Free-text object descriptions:

....................

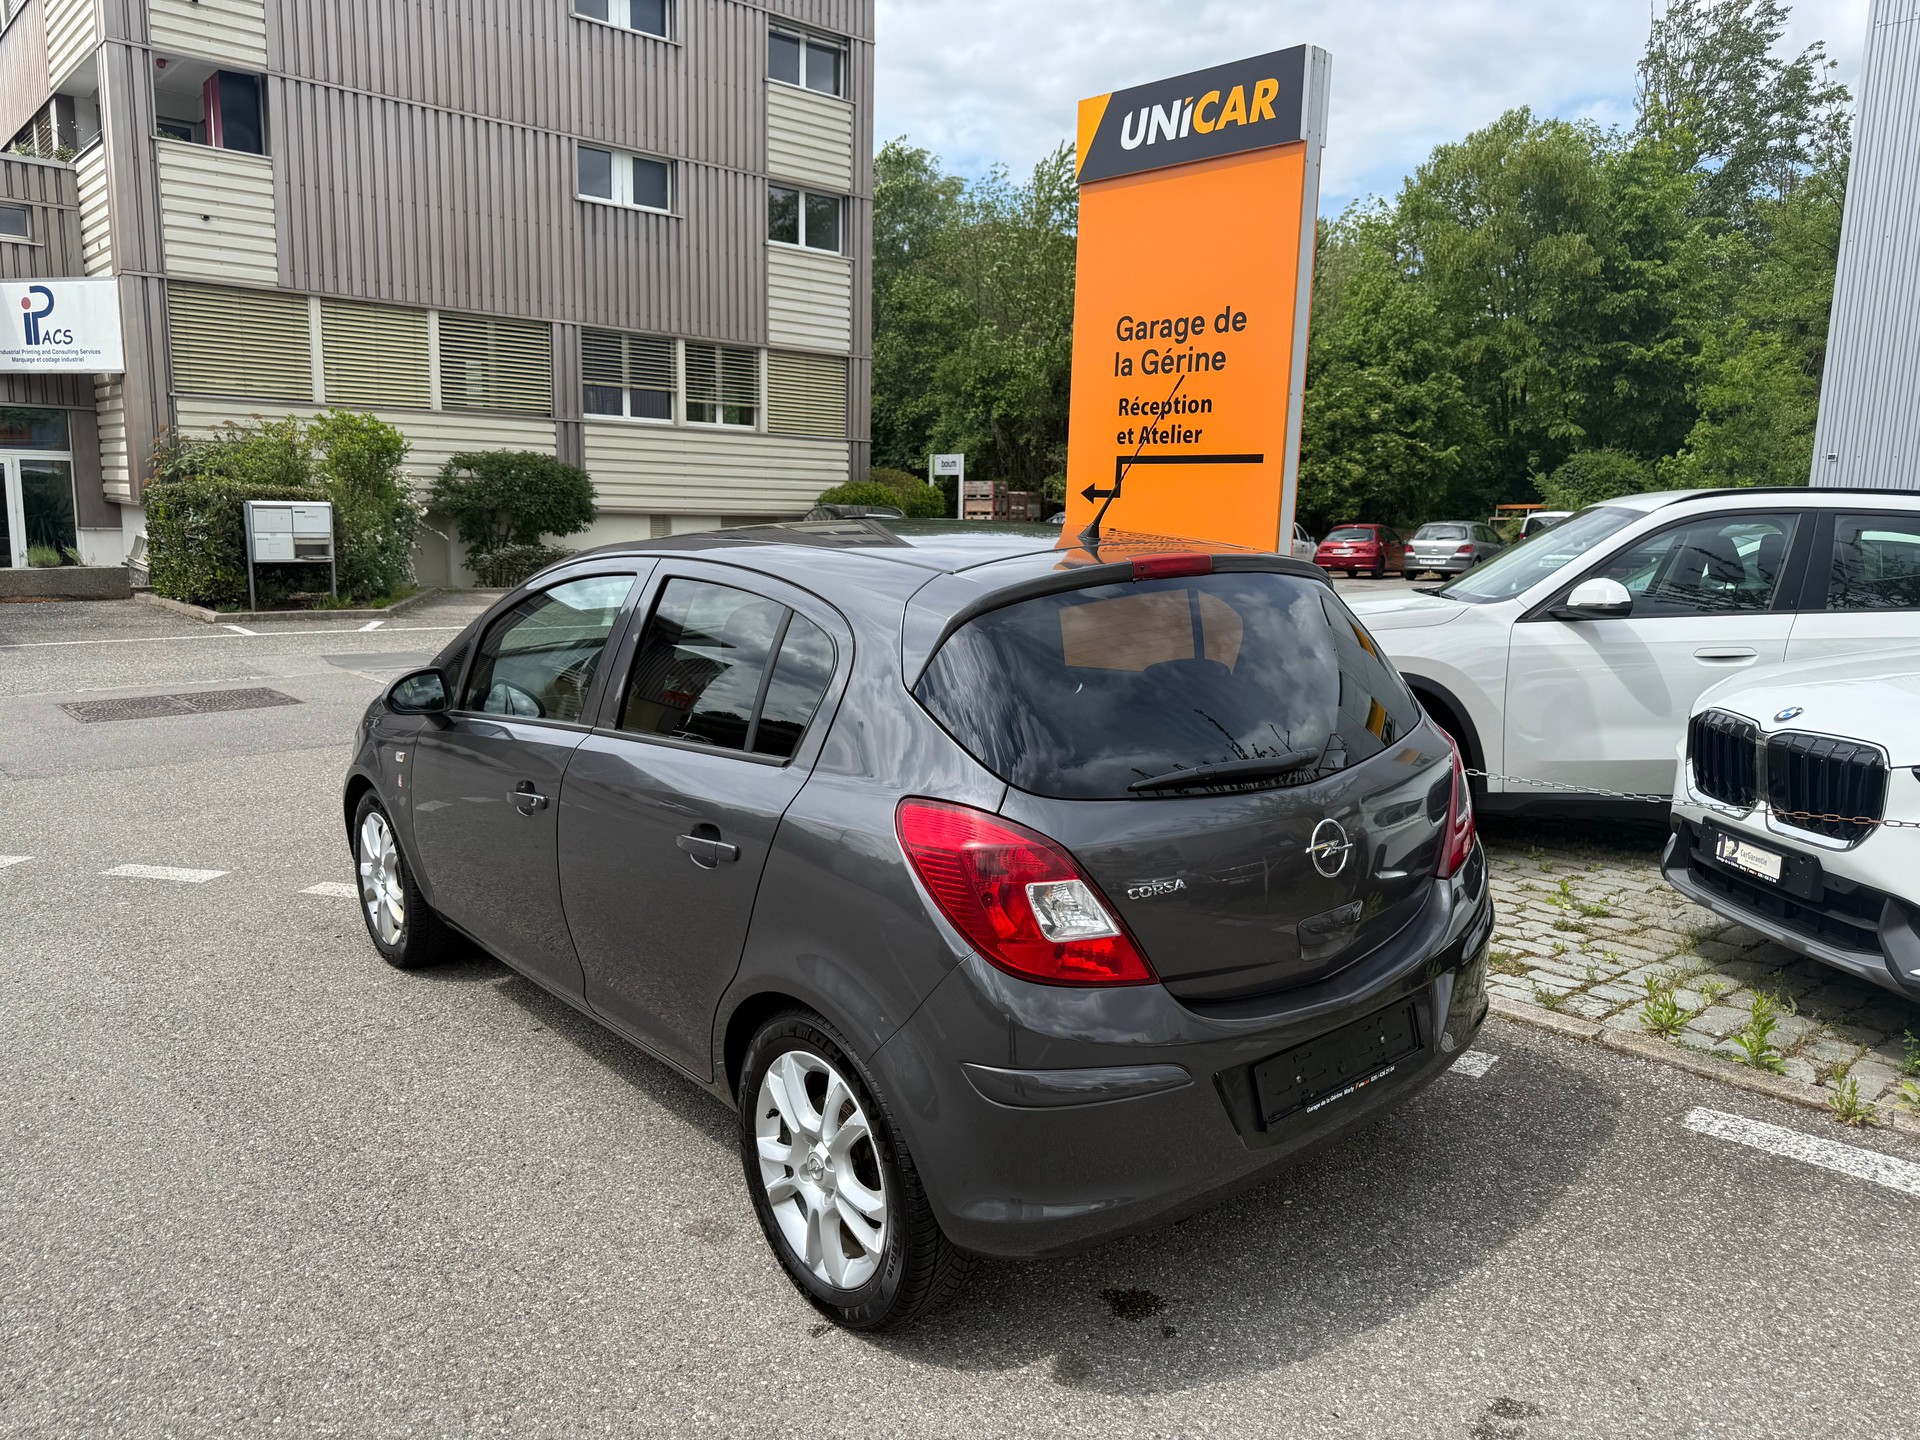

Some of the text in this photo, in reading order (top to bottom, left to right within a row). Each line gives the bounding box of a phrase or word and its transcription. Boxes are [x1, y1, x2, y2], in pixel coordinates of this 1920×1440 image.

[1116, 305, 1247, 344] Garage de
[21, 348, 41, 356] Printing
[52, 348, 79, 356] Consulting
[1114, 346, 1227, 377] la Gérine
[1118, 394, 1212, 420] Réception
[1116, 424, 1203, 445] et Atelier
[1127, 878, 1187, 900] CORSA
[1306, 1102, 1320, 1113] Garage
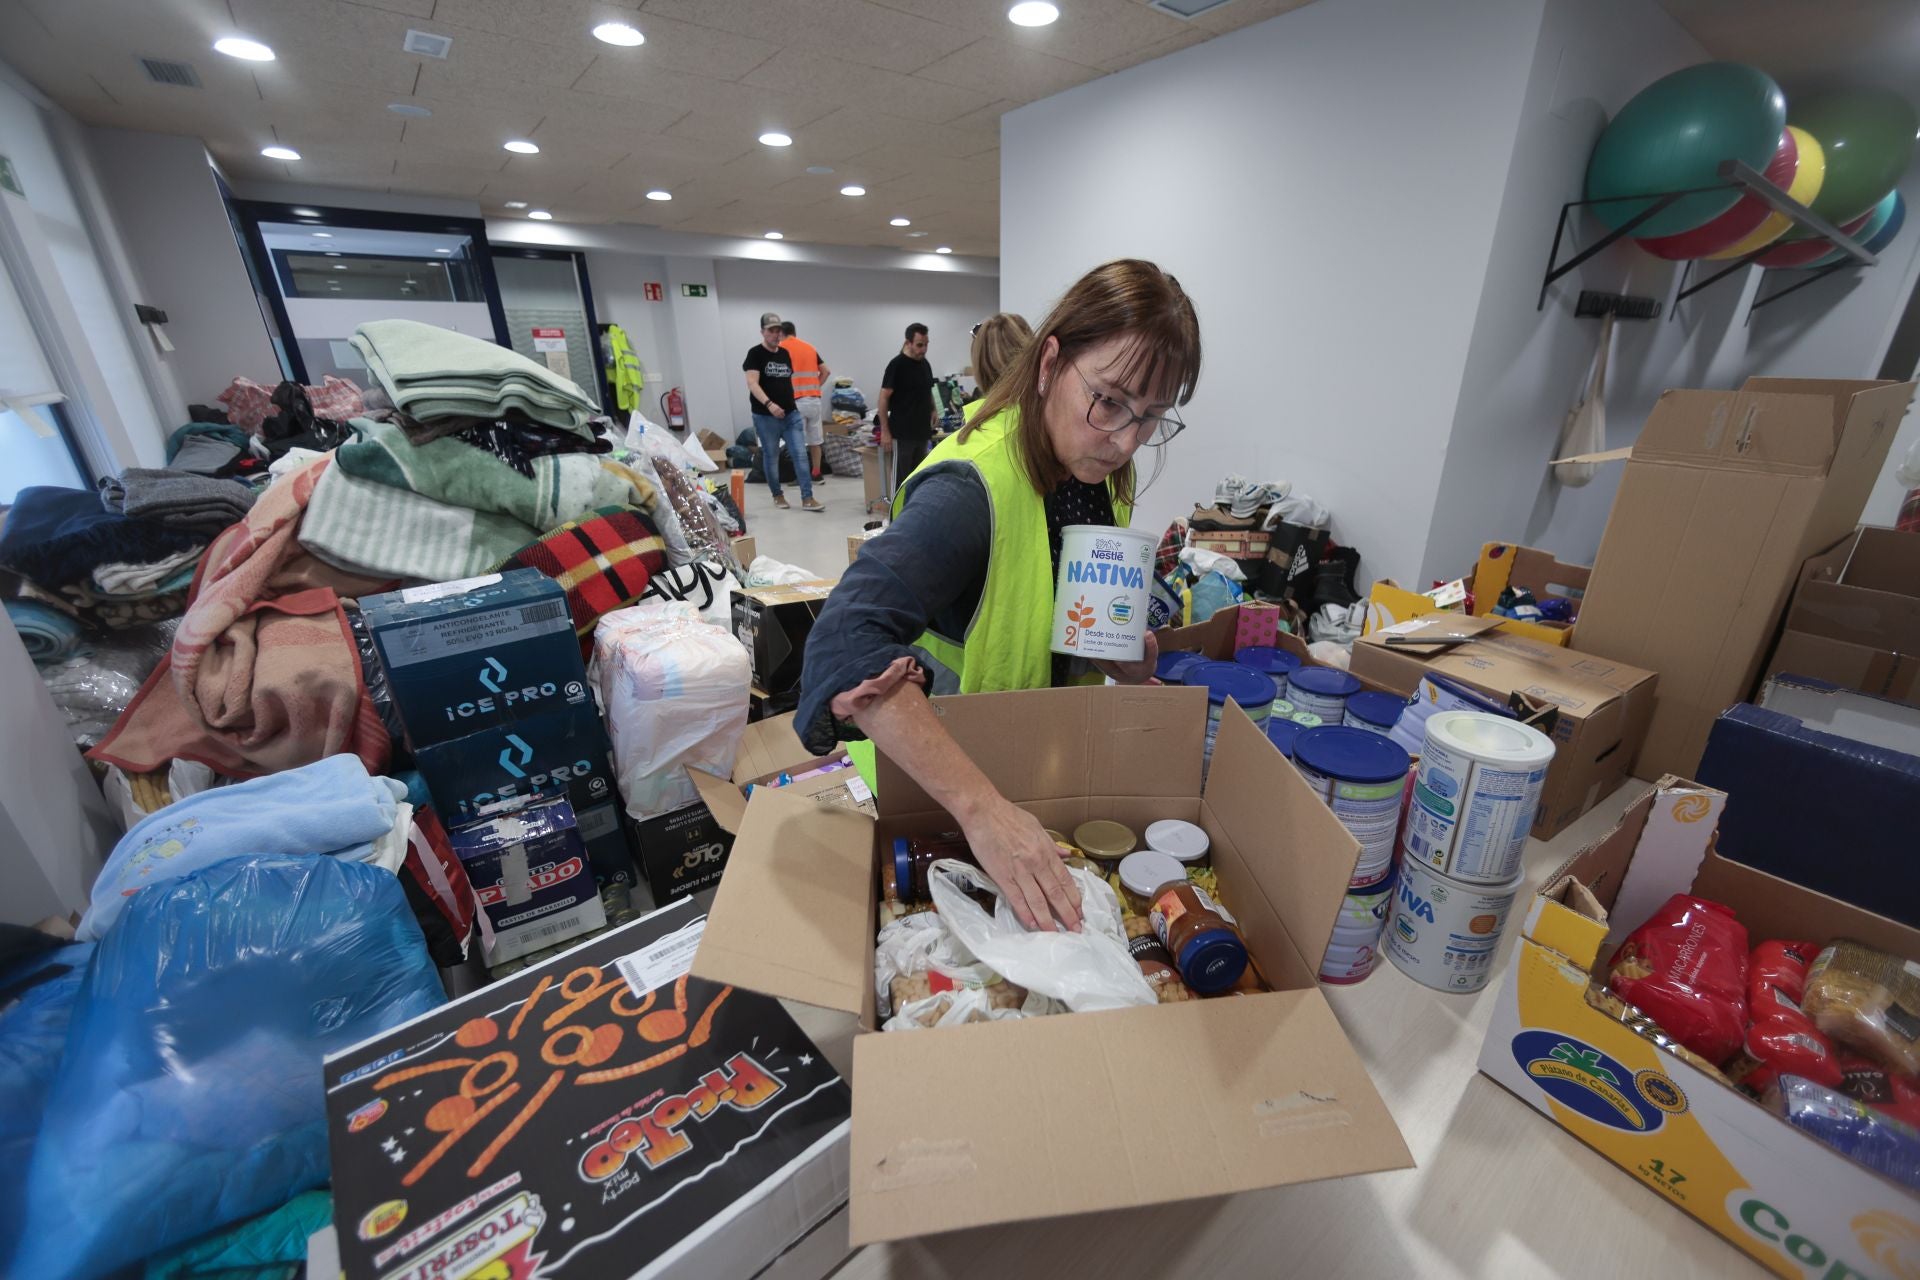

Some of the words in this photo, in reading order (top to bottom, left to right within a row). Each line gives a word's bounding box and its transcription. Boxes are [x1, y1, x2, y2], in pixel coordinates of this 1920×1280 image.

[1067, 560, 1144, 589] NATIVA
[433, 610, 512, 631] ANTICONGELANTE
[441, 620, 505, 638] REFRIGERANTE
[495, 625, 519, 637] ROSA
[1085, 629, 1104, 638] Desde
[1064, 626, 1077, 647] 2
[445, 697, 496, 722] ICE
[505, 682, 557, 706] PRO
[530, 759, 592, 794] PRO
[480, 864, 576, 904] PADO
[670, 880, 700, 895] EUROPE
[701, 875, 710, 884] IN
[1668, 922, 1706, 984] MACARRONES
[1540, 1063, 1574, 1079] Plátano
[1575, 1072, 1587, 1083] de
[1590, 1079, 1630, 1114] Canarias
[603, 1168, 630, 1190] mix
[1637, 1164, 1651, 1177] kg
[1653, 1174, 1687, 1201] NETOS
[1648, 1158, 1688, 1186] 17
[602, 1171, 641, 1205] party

....................

Problem — Could you copy exactly the line containing "Some of the words" and each line after it through the end of the records, and nothing else?

Task answer —
Some of the words in this photo, in reading order (top to bottom, left to right within a row). Each line gives a word's bounding box and its transcription. Boxes are [x1, y1, x2, y2], in pixel coordinates of this 1920×1280 image.

[1067, 560, 1144, 589] NATIVA
[433, 610, 512, 631] ANTICONGELANTE
[441, 620, 505, 638] REFRIGERANTE
[495, 625, 519, 637] ROSA
[1085, 629, 1104, 638] Desde
[1064, 626, 1077, 647] 2
[445, 697, 496, 722] ICE
[505, 682, 557, 706] PRO
[530, 759, 592, 794] PRO
[480, 864, 576, 904] PADO
[670, 880, 700, 895] EUROPE
[701, 875, 710, 884] IN
[1668, 922, 1706, 984] MACARRONES
[1540, 1063, 1574, 1079] Plátano
[1575, 1072, 1587, 1083] de
[1590, 1079, 1630, 1114] Canarias
[603, 1168, 630, 1190] mix
[1637, 1164, 1651, 1177] kg
[1653, 1174, 1687, 1201] NETOS
[1648, 1158, 1688, 1186] 17
[602, 1171, 641, 1205] party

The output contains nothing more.